* The task
In the records below, print each line exactly and leave every image out.

####

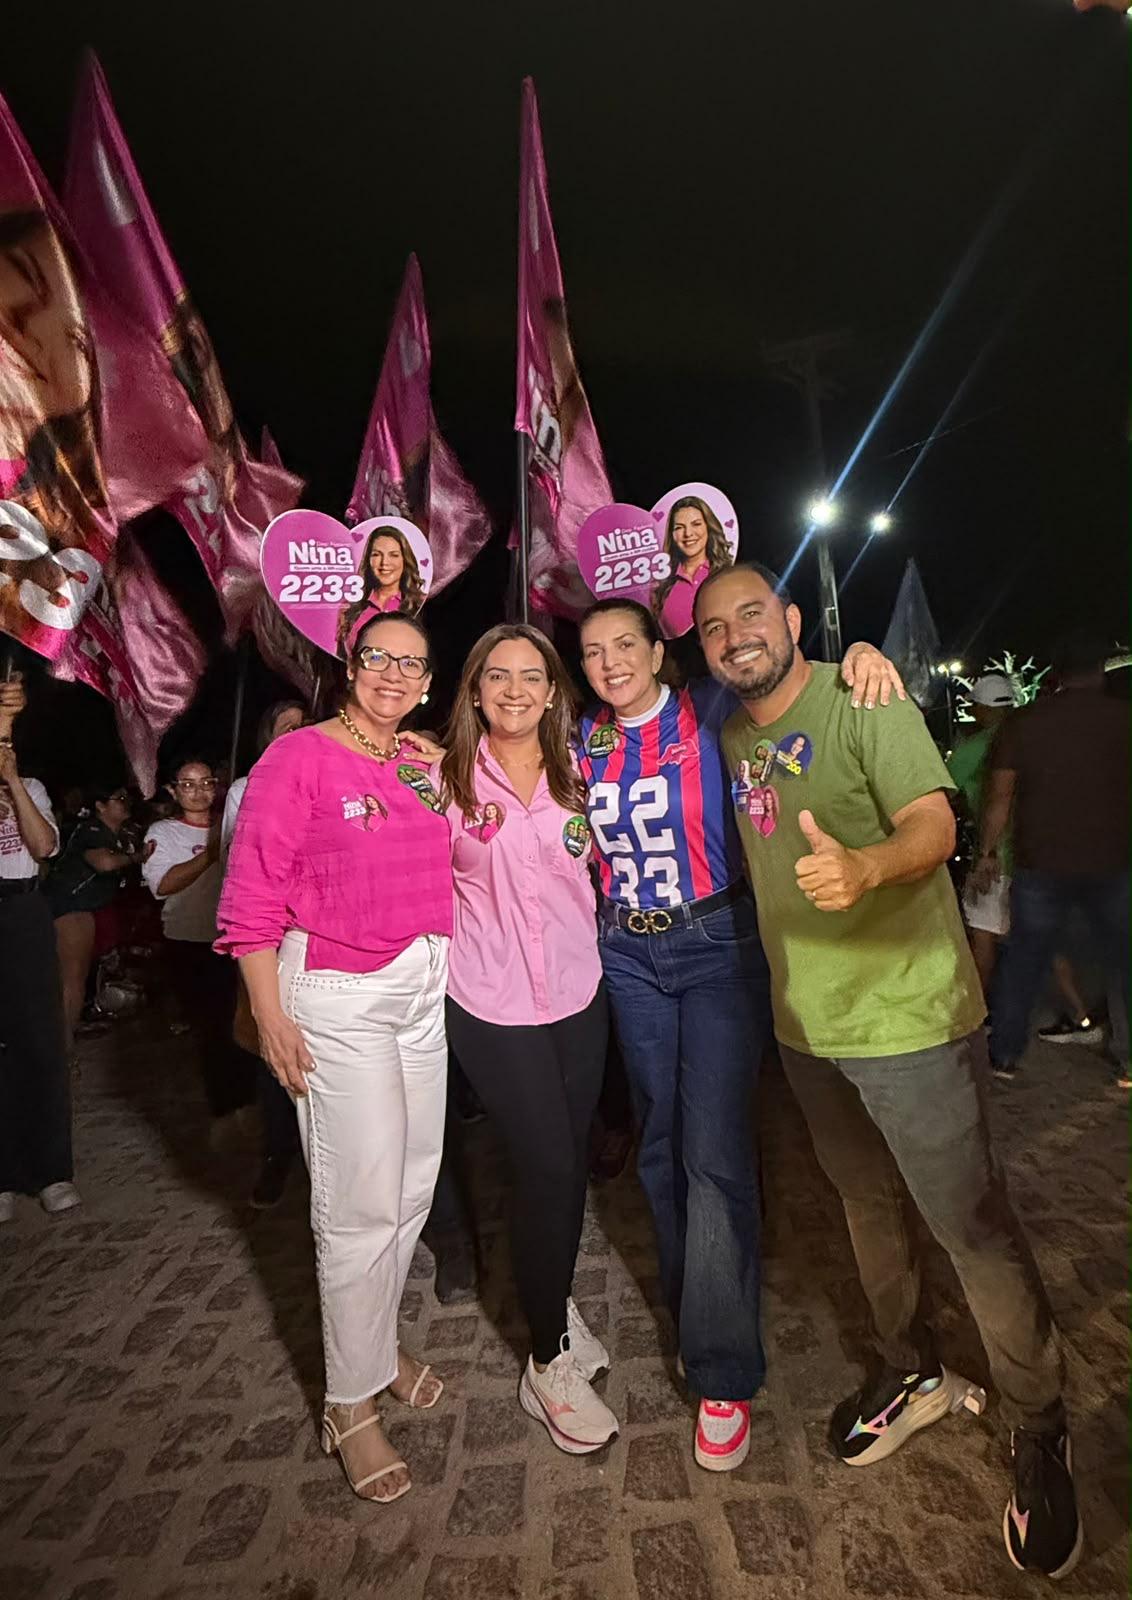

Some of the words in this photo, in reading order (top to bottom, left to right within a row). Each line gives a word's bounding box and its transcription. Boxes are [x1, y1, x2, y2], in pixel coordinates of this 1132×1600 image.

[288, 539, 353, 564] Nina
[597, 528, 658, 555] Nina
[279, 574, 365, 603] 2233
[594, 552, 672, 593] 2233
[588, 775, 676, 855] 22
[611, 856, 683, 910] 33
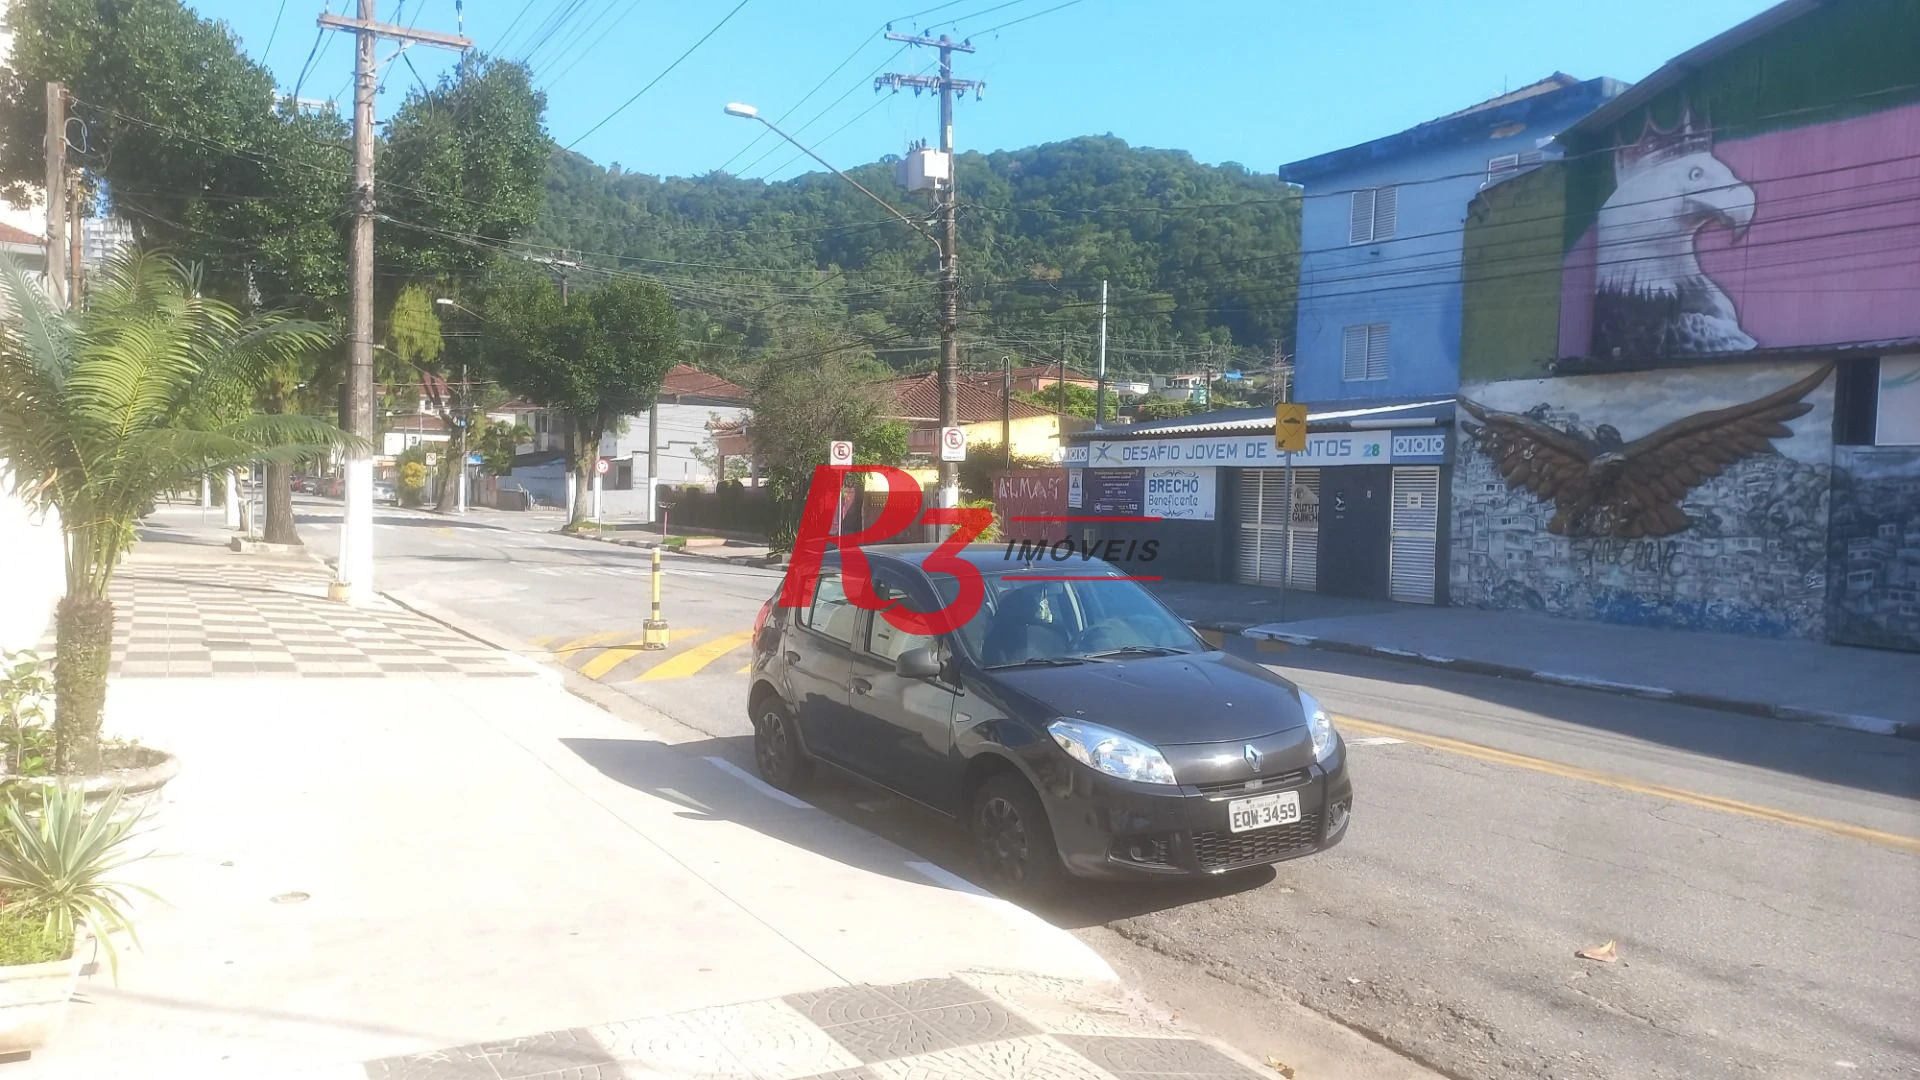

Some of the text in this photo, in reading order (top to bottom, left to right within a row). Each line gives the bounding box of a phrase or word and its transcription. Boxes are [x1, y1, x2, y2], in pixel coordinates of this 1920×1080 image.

####

* Response area
Some of the words in this photo, in reading order (top to bottom, left to right within a row). Each line gives a word's bounding box and its transcription. Boxes are [x1, y1, x2, y2], in pixel coordinates of this 1132×1600 image.

[288, 539, 353, 564] Nina
[597, 528, 658, 555] Nina
[279, 574, 365, 603] 2233
[594, 552, 672, 593] 2233
[588, 775, 676, 855] 22
[611, 856, 683, 910] 33

Some of the text in this photo, in reading order (top to bottom, left to right within a row). Each line gives the bounding box of a phrase or word and its transcription. Boxes are [x1, y1, x2, y2], in pixel coordinates of this 1920×1080 image.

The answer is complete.